#### [Record excerpts]

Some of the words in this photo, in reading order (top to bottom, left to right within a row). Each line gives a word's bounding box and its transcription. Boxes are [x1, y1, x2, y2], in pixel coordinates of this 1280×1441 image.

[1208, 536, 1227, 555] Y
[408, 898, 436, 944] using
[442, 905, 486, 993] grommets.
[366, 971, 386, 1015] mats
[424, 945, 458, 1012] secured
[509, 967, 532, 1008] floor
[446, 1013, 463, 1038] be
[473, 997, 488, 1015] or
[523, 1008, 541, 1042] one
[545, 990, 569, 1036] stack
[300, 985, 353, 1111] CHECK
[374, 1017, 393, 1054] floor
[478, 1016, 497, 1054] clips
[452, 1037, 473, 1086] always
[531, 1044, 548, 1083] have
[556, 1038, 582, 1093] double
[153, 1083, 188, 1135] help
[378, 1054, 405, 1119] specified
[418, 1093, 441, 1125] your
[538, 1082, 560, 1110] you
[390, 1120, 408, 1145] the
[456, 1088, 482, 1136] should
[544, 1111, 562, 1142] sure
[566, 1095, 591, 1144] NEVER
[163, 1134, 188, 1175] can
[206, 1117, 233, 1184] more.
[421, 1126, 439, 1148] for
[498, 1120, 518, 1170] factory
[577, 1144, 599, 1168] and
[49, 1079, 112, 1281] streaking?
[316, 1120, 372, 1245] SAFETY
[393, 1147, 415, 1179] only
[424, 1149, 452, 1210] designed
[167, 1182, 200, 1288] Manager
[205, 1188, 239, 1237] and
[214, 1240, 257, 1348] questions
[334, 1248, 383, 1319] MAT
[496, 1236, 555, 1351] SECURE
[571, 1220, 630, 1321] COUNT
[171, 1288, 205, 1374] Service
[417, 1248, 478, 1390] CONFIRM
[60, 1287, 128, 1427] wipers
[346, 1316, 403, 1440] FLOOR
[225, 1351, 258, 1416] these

#### [About this task]
All entries must be printed exactly, with nothing omitted.

#### [Result]
Some of the words in this photo, in reading order (top to bottom, left to right within a row). Each line gives a word's bounding box and its transcription. Boxes are [x1, y1, x2, y2], in pixel coordinates of this 1280×1441 image.

[1208, 536, 1227, 555] Y
[408, 898, 436, 944] using
[442, 905, 486, 993] grommets.
[366, 971, 386, 1015] mats
[424, 945, 458, 1012] secured
[509, 967, 532, 1008] floor
[446, 1013, 463, 1038] be
[473, 997, 488, 1015] or
[523, 1008, 541, 1042] one
[545, 990, 569, 1036] stack
[300, 985, 353, 1111] CHECK
[374, 1017, 393, 1054] floor
[478, 1016, 497, 1054] clips
[452, 1037, 473, 1086] always
[531, 1044, 548, 1083] have
[556, 1038, 582, 1093] double
[153, 1083, 188, 1135] help
[378, 1054, 405, 1119] specified
[418, 1093, 441, 1125] your
[538, 1082, 560, 1110] you
[390, 1120, 408, 1145] the
[456, 1088, 482, 1136] should
[544, 1111, 562, 1142] sure
[566, 1095, 591, 1144] NEVER
[163, 1134, 188, 1175] can
[206, 1117, 233, 1184] more.
[421, 1126, 439, 1148] for
[498, 1120, 518, 1170] factory
[577, 1144, 599, 1168] and
[49, 1079, 112, 1281] streaking?
[316, 1120, 372, 1245] SAFETY
[393, 1147, 415, 1179] only
[424, 1149, 452, 1210] designed
[167, 1182, 200, 1288] Manager
[205, 1188, 239, 1237] and
[214, 1240, 257, 1348] questions
[334, 1248, 383, 1319] MAT
[496, 1236, 555, 1351] SECURE
[571, 1220, 630, 1321] COUNT
[171, 1288, 205, 1374] Service
[417, 1248, 478, 1390] CONFIRM
[60, 1287, 128, 1427] wipers
[346, 1316, 403, 1440] FLOOR
[225, 1351, 258, 1416] these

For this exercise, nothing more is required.